Trotz der Einführung der EU-Verordnung über Tiertransporte 2007 hat sich die Lage für die Tiere auf Langstreckentransporten vor den Toren der Union nicht verbessert. Im Gegenteil kann sogar eine Verschlimmerung der Zustände beobachtet werden. Welche Rolle nehmen dabei die Amtsveterinär:innen ein? – Ein Blick auf die deutsche Umsetzung.

Nie enden wollende Transportrouten, keine oder zu wenige Pausen, nicht existierende oder unzureichende Pausenplätze, extreme Temperaturen in Sommer und Winter, grausame Haltungs- und Tötungspraktiken am Zielort, widersprüchliche Angaben in den Dokumenten (mit den Zuständen auf Tiertransporten in Drittstaaten beschäftigt sich Teil I dieser Beitragsreihe) – trotz allem war es für viele Amtstierärzt:innen selbstverständlich, über Jahre hinweg nahezu jeden Tiertransport in ferne Drittstaaten zu genehmigen.

Rechtliche Unsicherheiten für Veterinär:innen

Ein jähes Ende fand diese Praktik dann im Frühjahr 2018. Grund dafür war die Veröffentlichung einer Beitragsreihe des österreichischen Tierarztes Dr. Alexander Rabitsch und des deutschen Juristen Christoph Maisack in einer amtstierärztlichen Zeitschrift.[1]Maisack, Rabitsch, Zur Plausibilitätsprüfung nach Artikel 14 (1) a) ii) anlässlich der Genehmigung langer grenzüberschreitender Transporte in Drittstaaten, … Weiterlesen

Ein Jahr später folgte ein Gutachten des Mannheimer Juristen Prof. Dr. Jens Bülte.[2]Bülte, Zur Strafbarkeit von Tierärzten wegen Beihilfe zur Tierquälerei durch Mitwirkung an Tiertransporten in tierschutzrechtliche Hochrisikostaaten durch Erteilung von Stempeln, … Weiterlesen

Inhalt beider Schriften war die Strafbarkeit von Amtstierärzt:innen wegen Beihilfe zur Tierquälerei nach deutschem bzw. österreichischem Recht (§ 17 Nr. 2 b TierSchG bzw. § 222 Abs. 1 Nr. 1 ö. StGB). Auch ihre Garantenstellung für die in ihrem Verantwortungsbereich stehenden Tiere und eine mögliche Strafbarkeit durch Unterlassen wurde thematisiert.

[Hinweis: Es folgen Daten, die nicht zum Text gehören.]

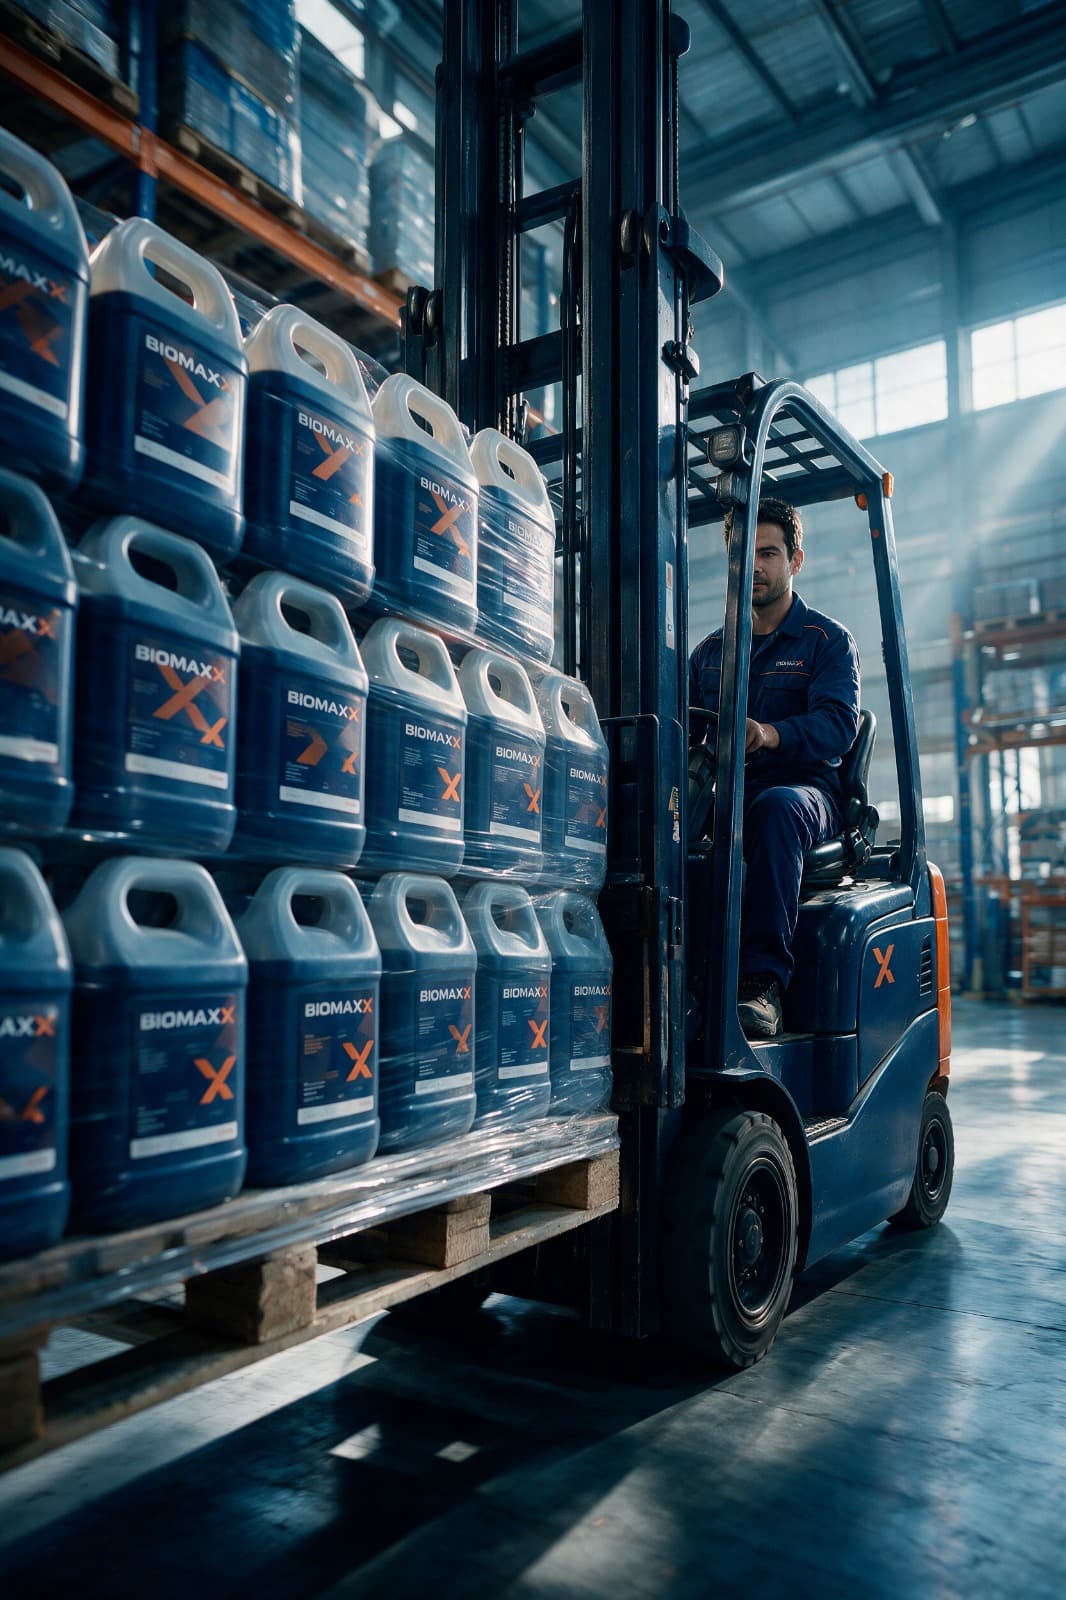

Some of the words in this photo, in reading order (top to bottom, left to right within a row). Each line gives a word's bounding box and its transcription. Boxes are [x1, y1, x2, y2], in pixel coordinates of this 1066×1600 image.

Die Veterinär:innen, die nun um die möglichen strafrechtlichen Folgen ihres Handelns wussten, verweigerten nun die Abfertigung von Hochrisikotransporten, bei denen die EU-Standards nicht gewährleistet werden konnten.

Das „Sammelstellen-Hopping“

Dessen ungeachtet gibt es einige wenige, die in ihren Landkreisen weiterhin Transporte in Hochrisikogebiete abfertigen. Diese uneinheitliche Vorgehensweise hat zu einer unschönen Entwicklung geführt: Transportunternehmen aus der gesamten Republik nutzen das sogenannte „Sammelstellen-Hopping“, bei dem sie sich zur Genehmigung in die Landkreise begeben, in denen weiterhin Abfertigungen erfolgen.[3]Mehr hierzu in Teil I dieser Themenreihe: Tiertransporte aus der EU in Drittstaaten – eine juristische Odysee (Teil I) Für die Tiere bedeutet dies oft hunderte Kilometer und mehrere Stunden Umweg, die sie in den Transportfahrzeugen ausharren müssen.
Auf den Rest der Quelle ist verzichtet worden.